● Exercise description:
Exclude the pictures, and otherwise reproduce the data in full.

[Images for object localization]
-- Opening Marker --
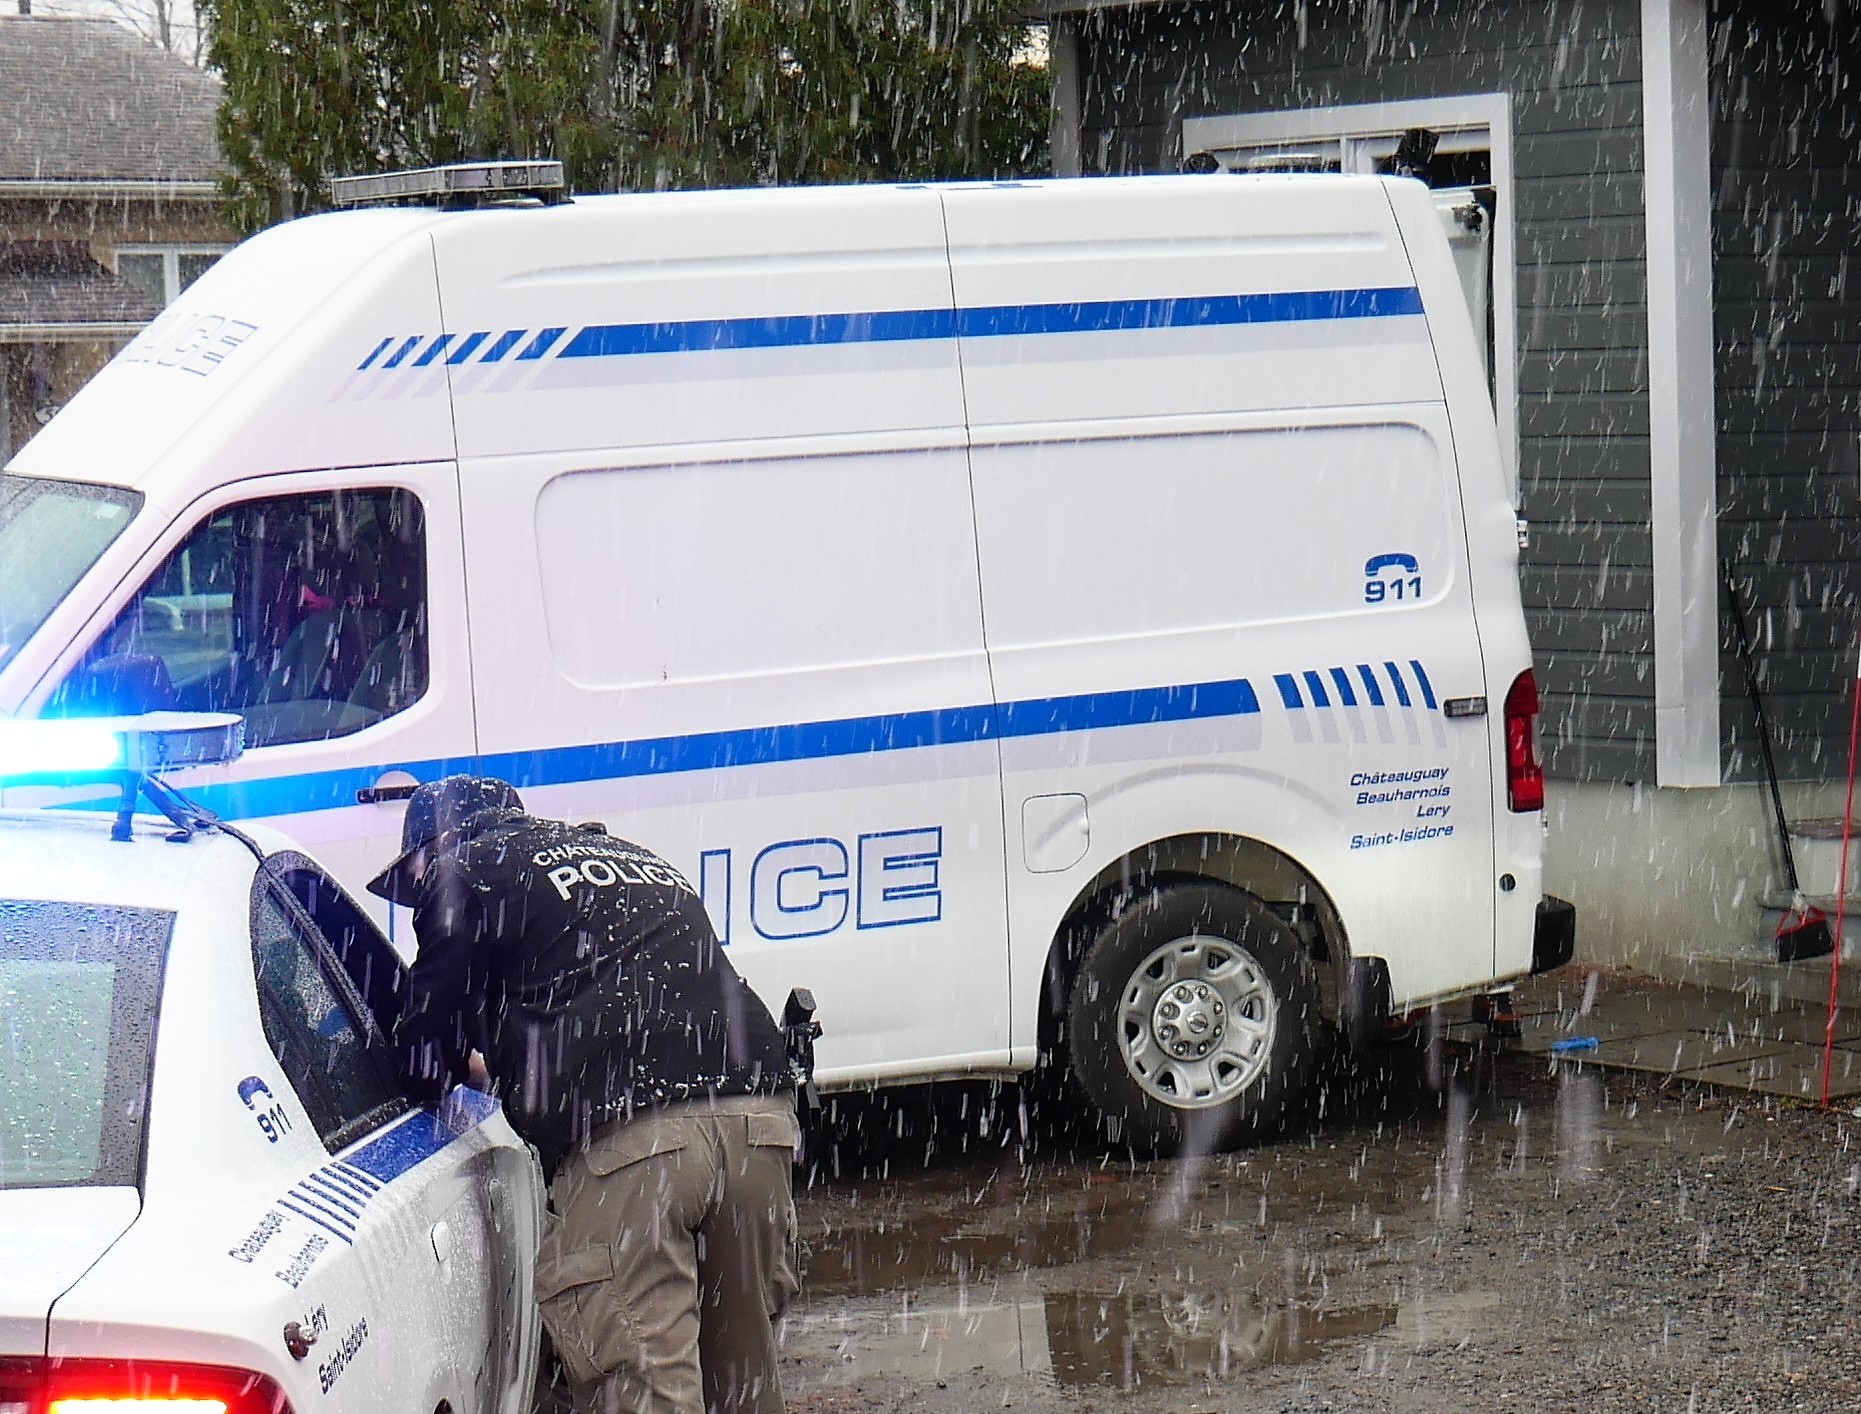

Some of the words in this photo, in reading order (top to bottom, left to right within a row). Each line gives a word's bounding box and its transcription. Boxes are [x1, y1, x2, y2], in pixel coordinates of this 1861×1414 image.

[1364, 576, 1422, 603] 911
[1356, 784, 1451, 804] Beauharnois
[1350, 825, 1454, 849] Saint-Isidore
[547, 859, 697, 901] POLICE
[700, 826, 942, 946] ICE
[257, 1103, 293, 1144] 911
[318, 1316, 369, 1395] Saint-Isidore
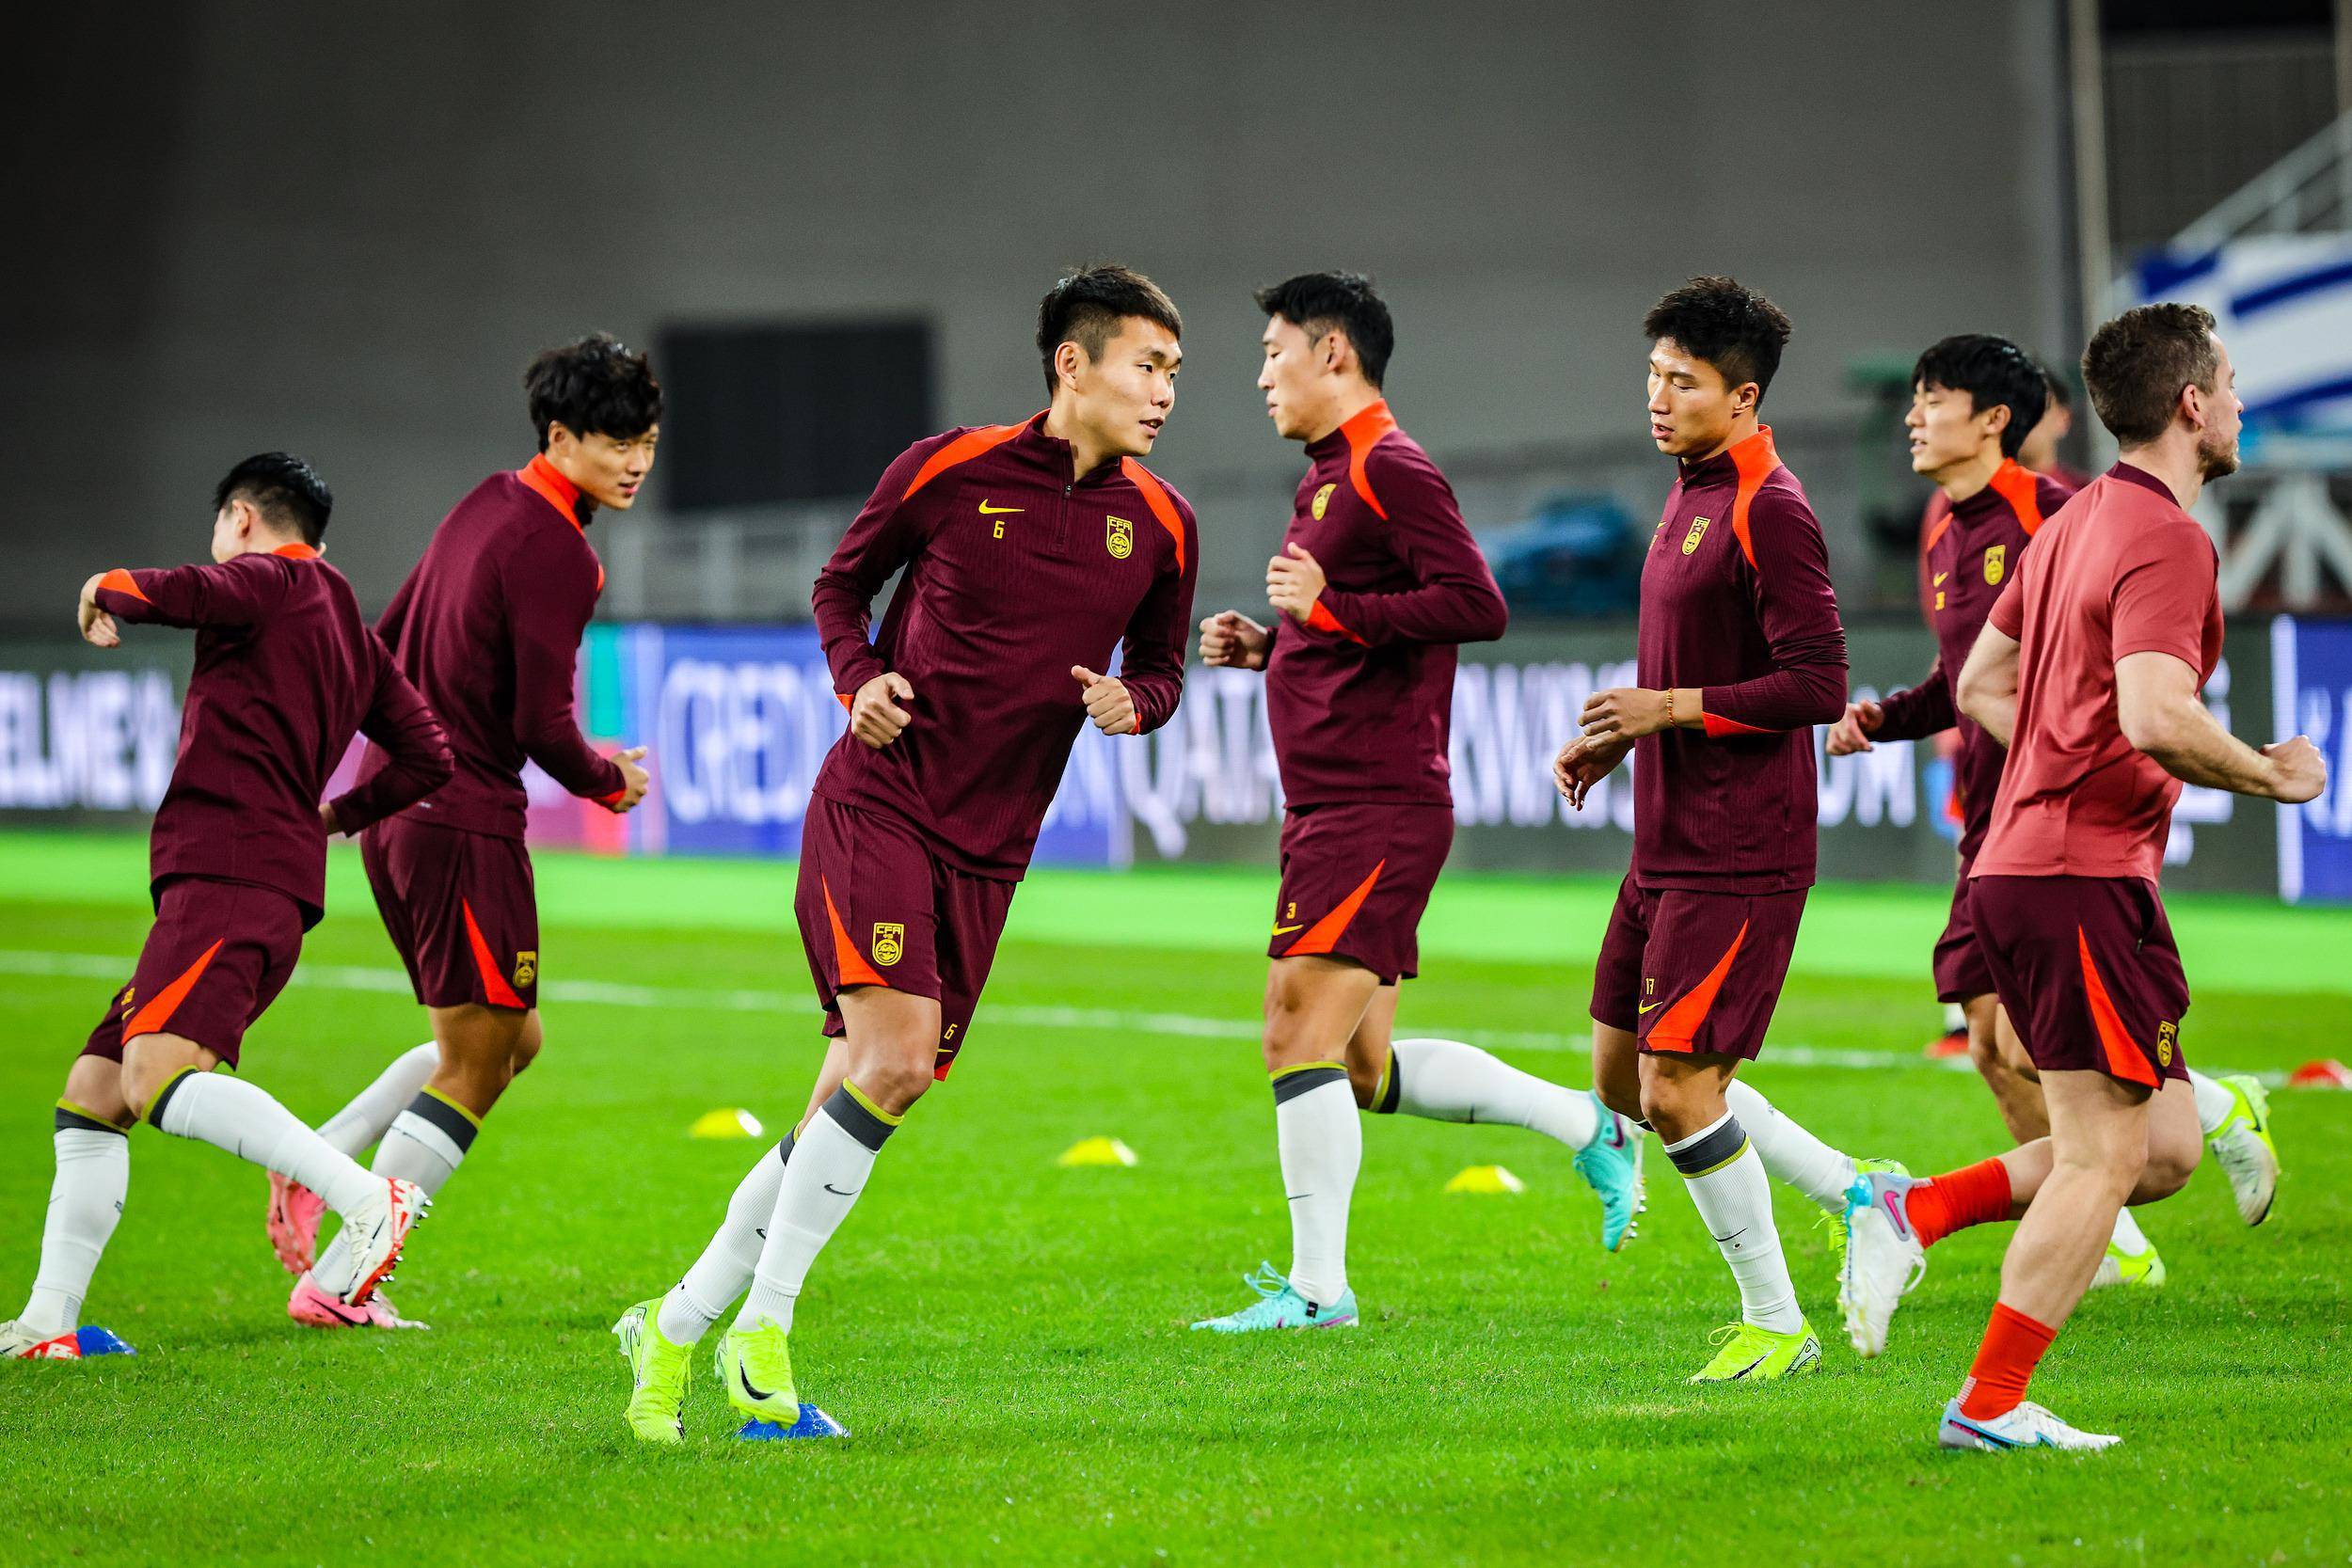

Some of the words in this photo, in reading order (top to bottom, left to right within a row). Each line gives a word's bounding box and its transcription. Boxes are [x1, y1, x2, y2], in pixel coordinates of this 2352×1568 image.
-- Closing Marker --
● Solved problem:
Some of the words in this photo, in reading order (top to bottom, left to right within a row). Each line gives a word's bounding box and its transcription. Boxes are [x1, y1, x2, y2], in pixel coordinates of this 1861×1414 image.

[1364, 576, 1422, 603] 911
[1356, 784, 1451, 804] Beauharnois
[1350, 825, 1454, 849] Saint-Isidore
[547, 859, 697, 901] POLICE
[700, 826, 942, 946] ICE
[257, 1103, 293, 1144] 911
[318, 1316, 369, 1395] Saint-Isidore

Some of the words in this photo, in reading order (top to bottom, left to right within a row). Each line gives a word's bounding box and its transcription. Boxes are [x1, y1, x2, y2], in pixel coordinates of this 2352×1568 image.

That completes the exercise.